RESPONSABILIDADE (1987)

SCHÜRMANN, Reiner. Heidegger on Being and Acting: from principles to anarchy. Tr. Christine-Marie Gros with the author. Bloomington: Indiana University Press, 1987

O que seria um conceito não-metafísico e não-calculativo de responsabilidade? Deve ser um conceito que desconstrua a dívida de responsabilidade e a autoridade à qual ela é devida. A desconstrução da instância justificadora é a destituição dos princípios epocais. Heidegger delineia a desconstrução da essência calculadora com a ajuda de algumas etimologias. O verbo latino reor deu origem ao verbo alemão rechnen. Esta palavra, Heidegger não a entende no sentido vulgar de “contar”, “calcular”: “Ora, “orientar algo sobre outra coisa”, é esse o sentido do nosso verbo rechnen.” Ereignis, portanto, cuja estrutura de apelo já vimos.
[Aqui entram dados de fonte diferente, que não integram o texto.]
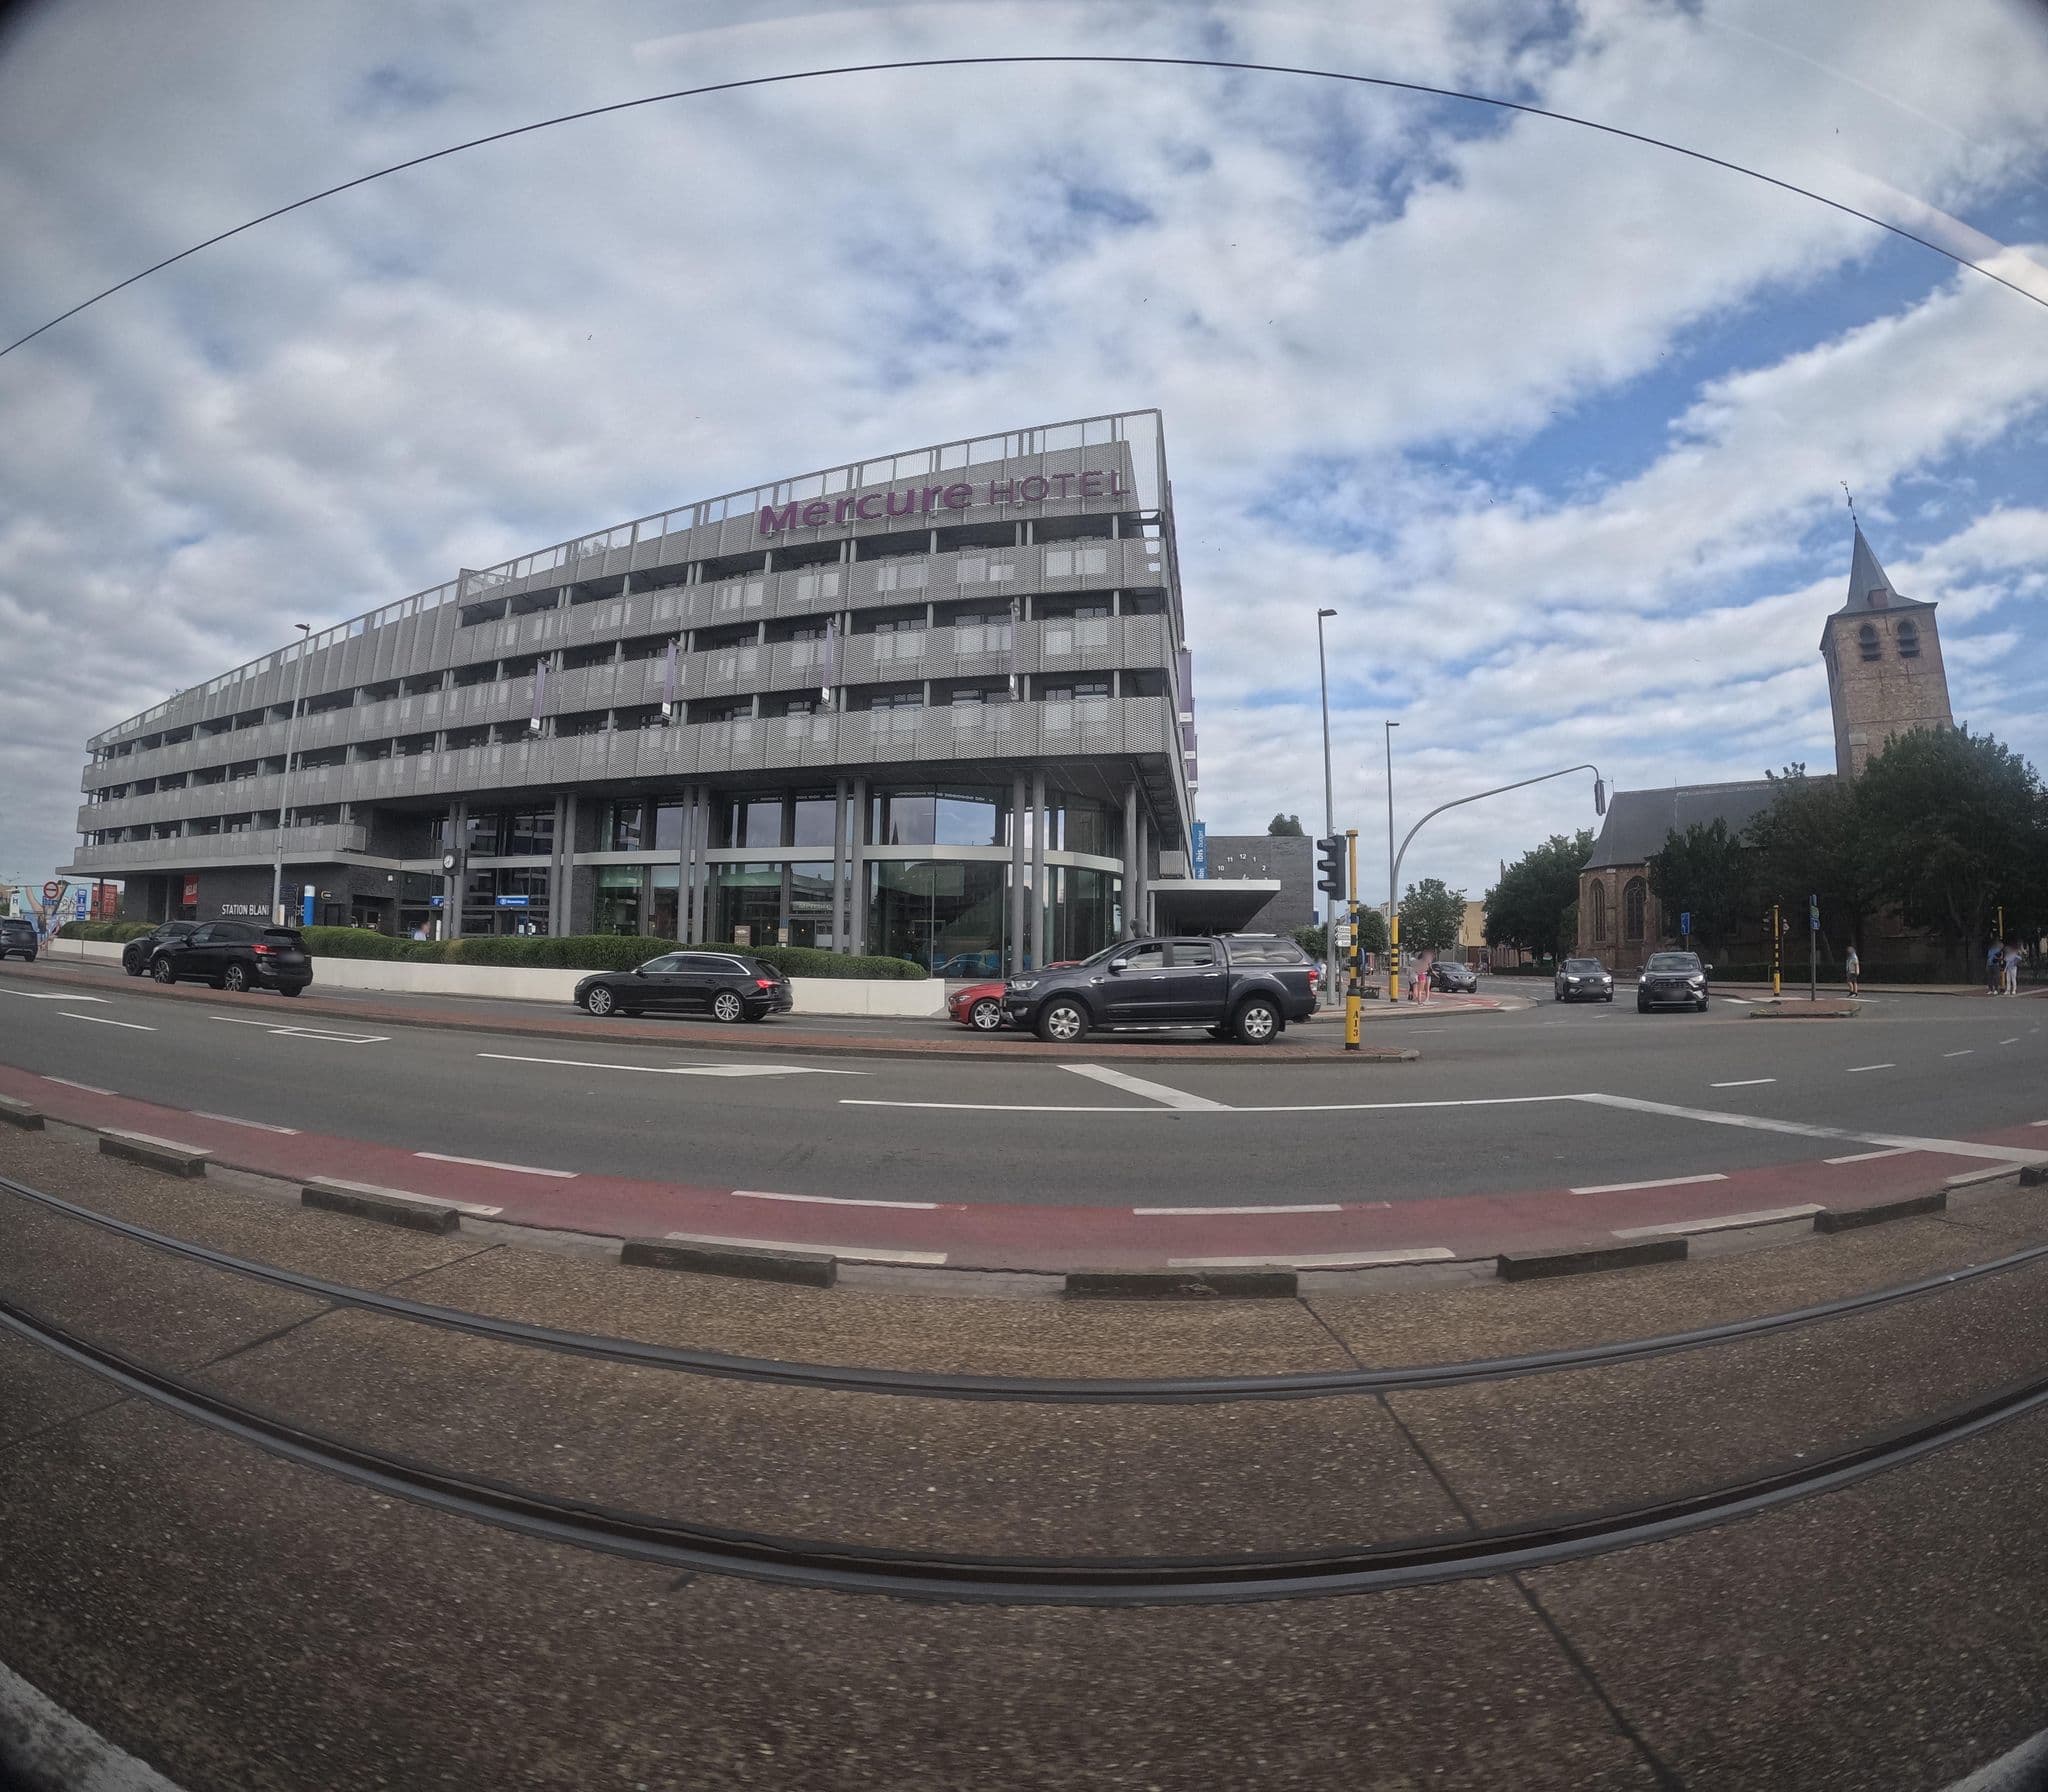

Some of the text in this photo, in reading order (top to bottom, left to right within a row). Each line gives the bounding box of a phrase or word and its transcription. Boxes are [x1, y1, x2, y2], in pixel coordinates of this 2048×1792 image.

[760, 470, 1130, 534] Mercure HOTEL
[1196, 849, 1204, 862] ibis
[221, 904, 248, 915] STATION
A essência responsorial da responsabilidade retira-a do domínio moral para a implantar no da linguagem: uma resposta à “injunção em que a diferença chama o mundo e as coisas”. Uma resposta ao acontecimento da apropriação que se articula no silêncio e que é “nada humano”. “Tal apropriação ocorre na medida em que o desdobramento essencial da linguagem, a reunião do silêncio, faz uso da fala mortal.” (GA12) Esta reimplantação topológica não faz, no entanto, da responsabilidade um fenómeno linguístico: apelo e resposta combinam-se num modo de ser. A “via para a palavra” designa um unterwegs que não se limita nem à inteligência (não é um itinerarium mentis) nem ao indivíduo (não é uma conversio). O acontecimento de entrar na presença “usa” os homens, situando-os de tal modo que tudo o que empreenderem será uma resposta à economia que os encerra.